"One of the basic messages is, we're not mining," he said. "It's using existing drilling techniques."
Methane could be extracted by lowering pressure or increasing temperature in an underground reservoir.
"One of the issues with that, though, is that you are melting the ice, and adding a lot of gas and water to the reservoir, which can compromise the reservoir's strength," Boswell said.
The Alaska research focused on a method aimed at preserving the underground ice structure. The extraction technique was based on studies done by ConocoPhillips and the University of Bergen in Norway. Researchers in a laboratory injected carbon dioxide into methane hydrate. CO2 molecules swapped places with methane molecules, freeing the methane to be harvested but preserving the ice.
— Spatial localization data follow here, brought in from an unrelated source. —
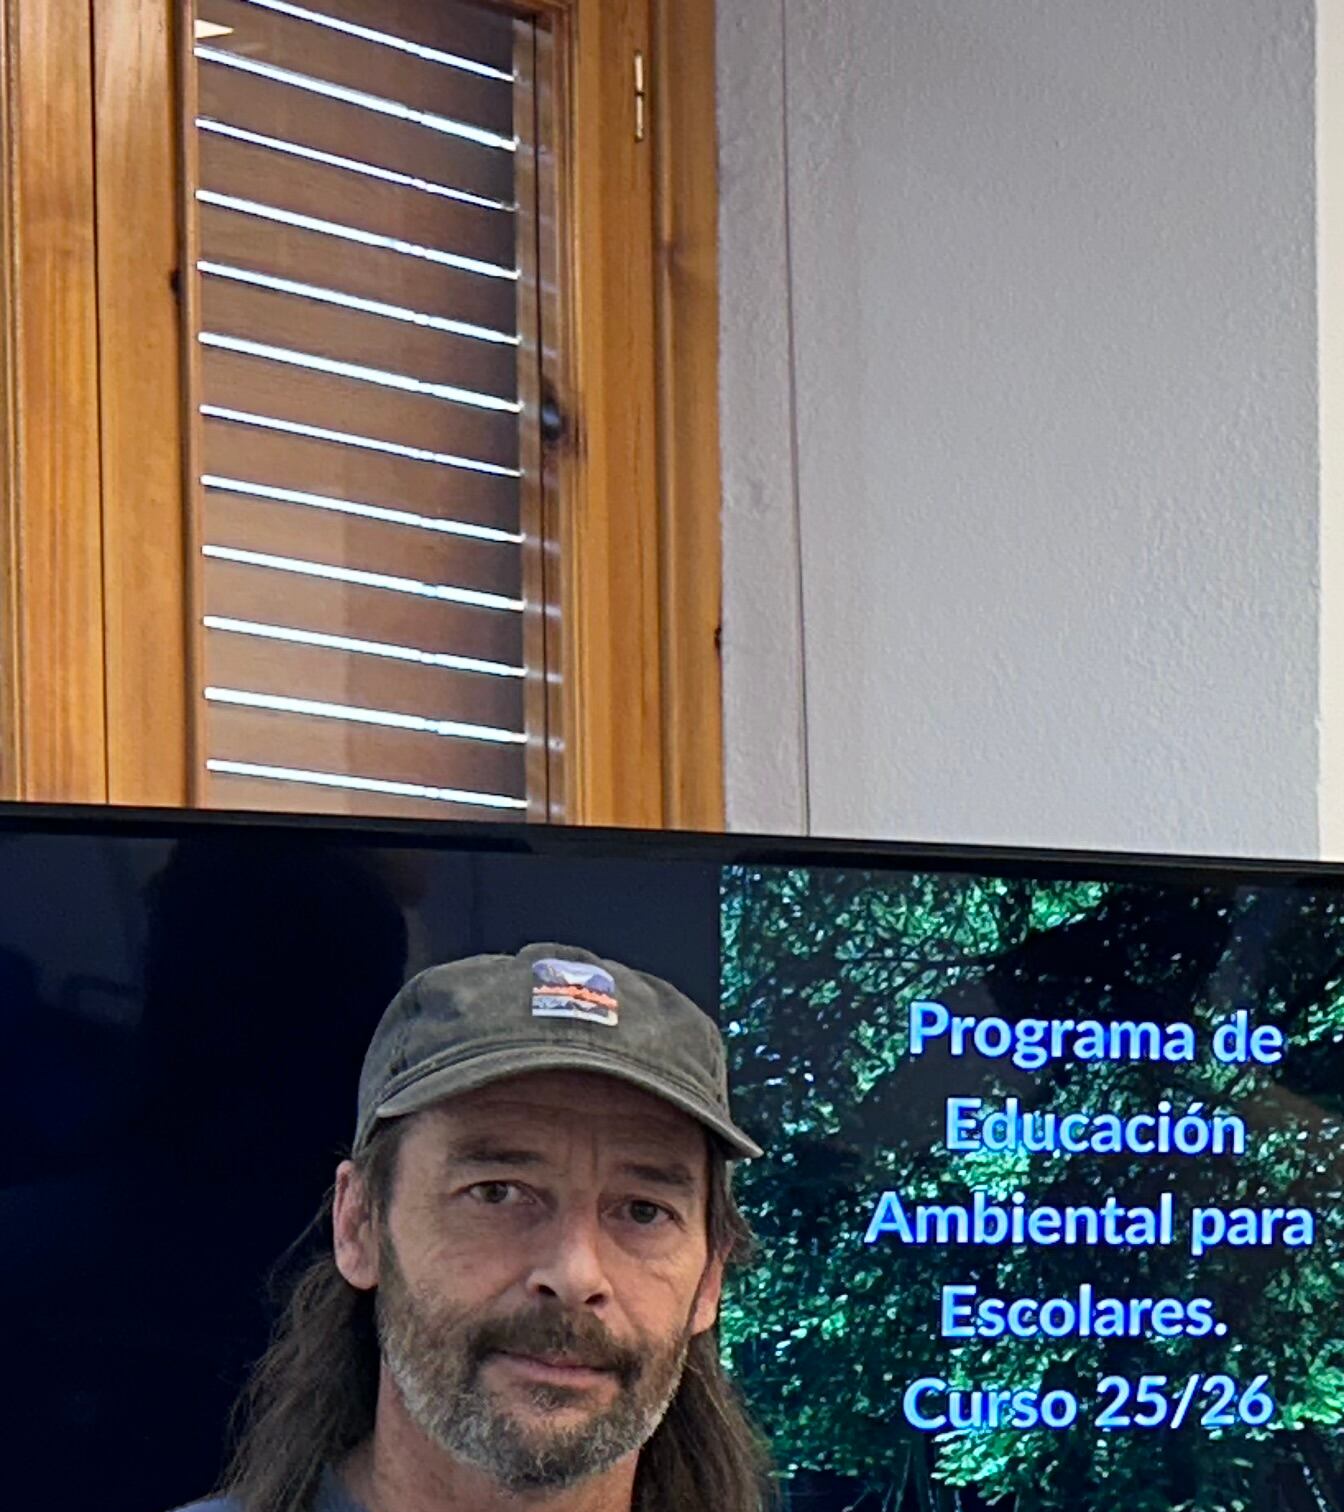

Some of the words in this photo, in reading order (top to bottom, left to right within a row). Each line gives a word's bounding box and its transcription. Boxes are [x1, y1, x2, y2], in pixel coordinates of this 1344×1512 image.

[908, 1001, 1195, 1069] Programa
[1211, 1010, 1284, 1064] de
[944, 1096, 1246, 1155] Educación
[864, 1191, 1173, 1247] Ambiental
[1190, 1207, 1315, 1256] para
[940, 1283, 1229, 1339] Escolares.
[902, 1377, 1077, 1430] Curso
[1094, 1374, 1275, 1431] 25/26
The DOE worked with ConocoPhillips and Japan Oil, Gas and Metals National Corp. to see if it would work in the field. They named the North Slope well Ignik Sikumi, an Inupiat Eskimo phrase that translates as "fire in the ice."
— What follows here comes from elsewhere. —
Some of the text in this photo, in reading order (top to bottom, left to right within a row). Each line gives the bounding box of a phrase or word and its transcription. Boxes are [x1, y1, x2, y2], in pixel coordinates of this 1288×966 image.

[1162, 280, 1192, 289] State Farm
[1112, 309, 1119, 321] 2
Researchers injected 210,000 cubic feet of carbon dioxide and nitrogen into the underground reservoir through perforated pipe. Instruments measured pressure, temperature and produced gases. They tracked injected gases without fracturing the formation.
Scientists collected data from 30 days of methane production, five times longer than anyone had done before. They are now trying to determine if methane produced was from an exchange with CO2, a reaction to the nitrogen, or a reaction to pressure changes down the hole.
Researchers are optimistic.
"From the lab data we had, it seemed like it was some strong evidence that it was not a lot of wholesale destruction of the solid hydrate," Boswell said.